SPEAKER_00Again, I yeah, if not just ethical implications, but I like that where there is a um there's a challenge on both. It's not just evil against good, it's that both think they are right and they're both trying to get towards an end which is completely conflicting with the other side's end.
SPEAKER_02So it's really funny too, because there are all these characters in it that she interacts with who are theoretically all the same hype mind being, right? And yet you find yourself initially disliking a bunch of them and then coming around and kind of starting to like them, and as a viewer, you kind of like them as individuals, but you can keep forgetting that they're hang on, they're all the same. Like there's this woman that she interacts with. We are all individuals who's not this this super cute, kind of like 40-something year old um Polish American actress, and initially you're sort of like, oh, she's so annoying, and then you start to really like her.

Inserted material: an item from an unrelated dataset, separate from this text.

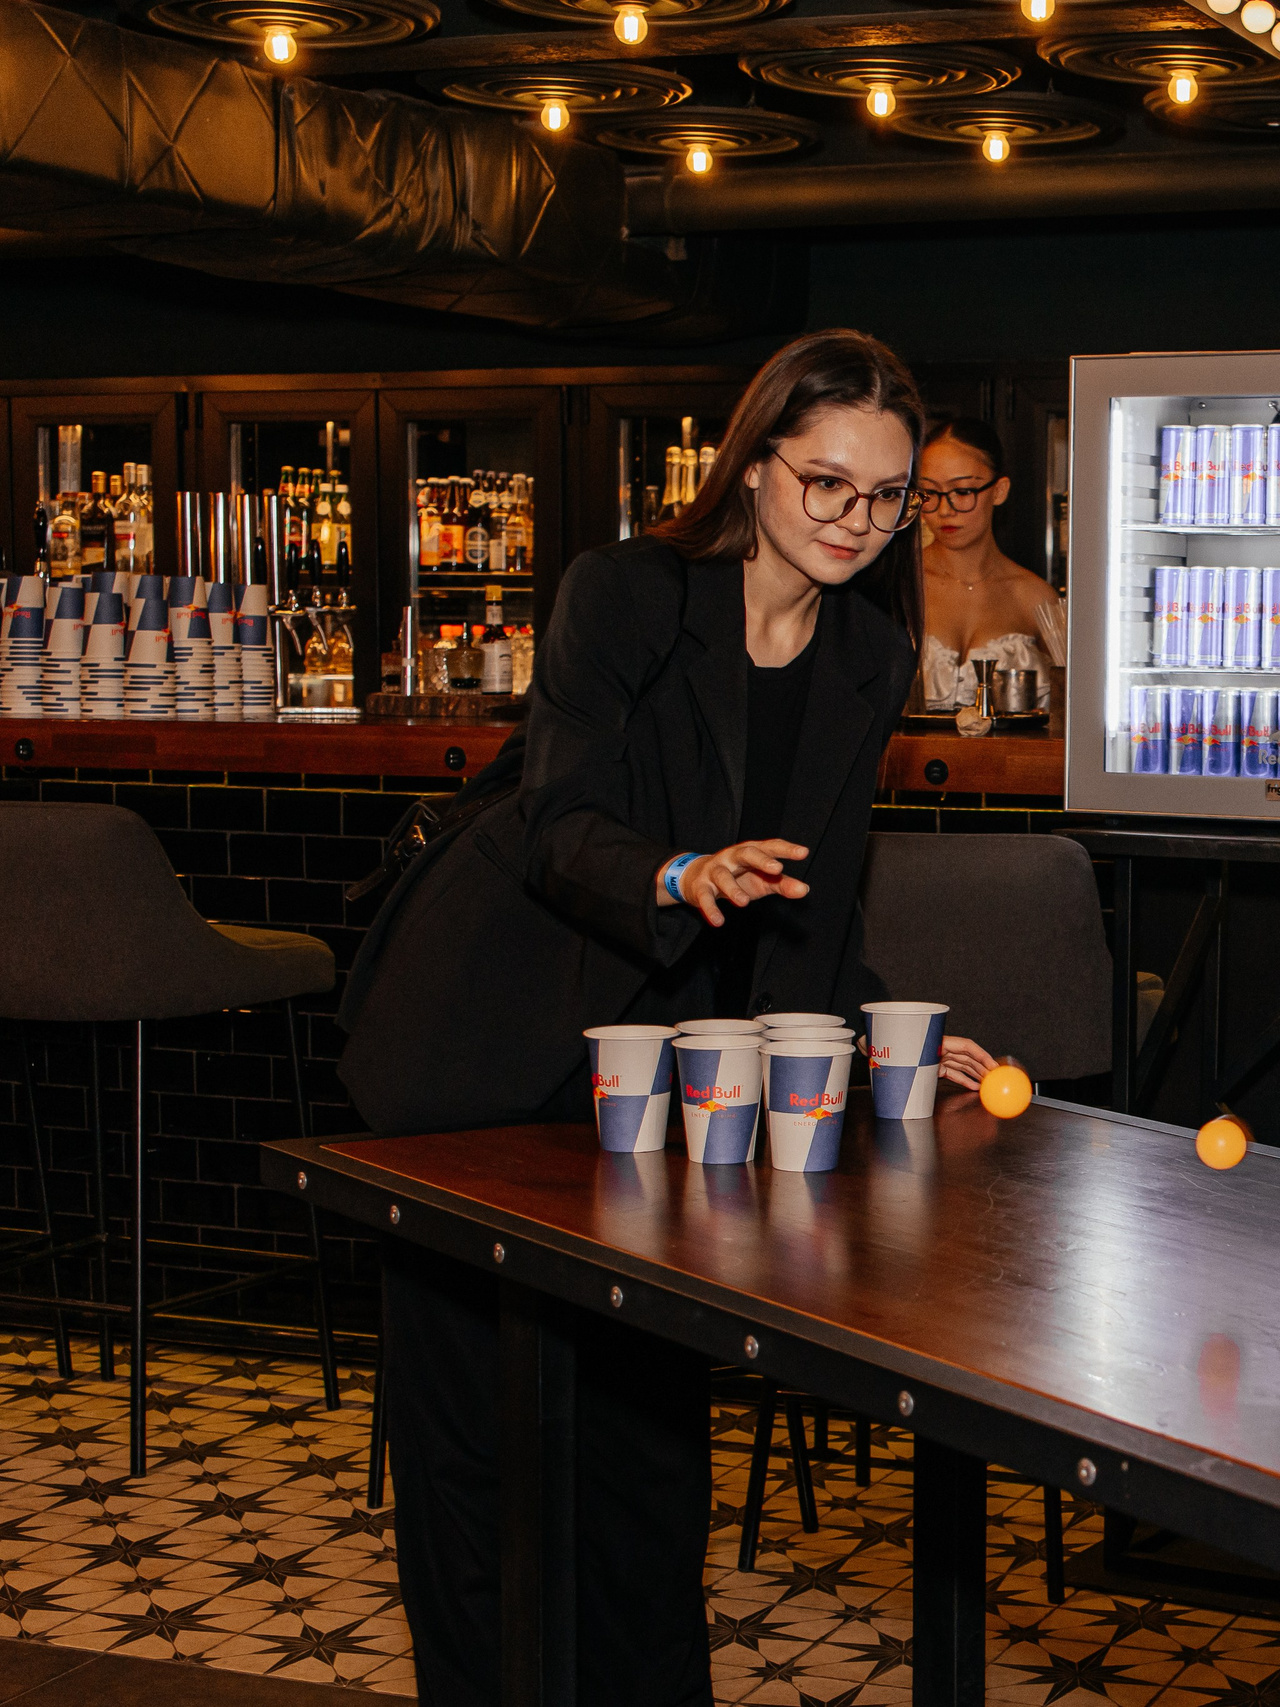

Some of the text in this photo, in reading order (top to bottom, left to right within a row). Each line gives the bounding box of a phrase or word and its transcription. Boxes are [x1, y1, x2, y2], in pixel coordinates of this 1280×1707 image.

SPEAKER_00And I guess it's because of what they go through, all of the different things, because she it's just like presumably they're as a new entity that's evolving as well, because they're you know, as a hive mind or you know, uh a joint entity, they will be evolving because they will be and I haven't seen it, but I would assume that would be the the storyline in there is that they are starting to learn.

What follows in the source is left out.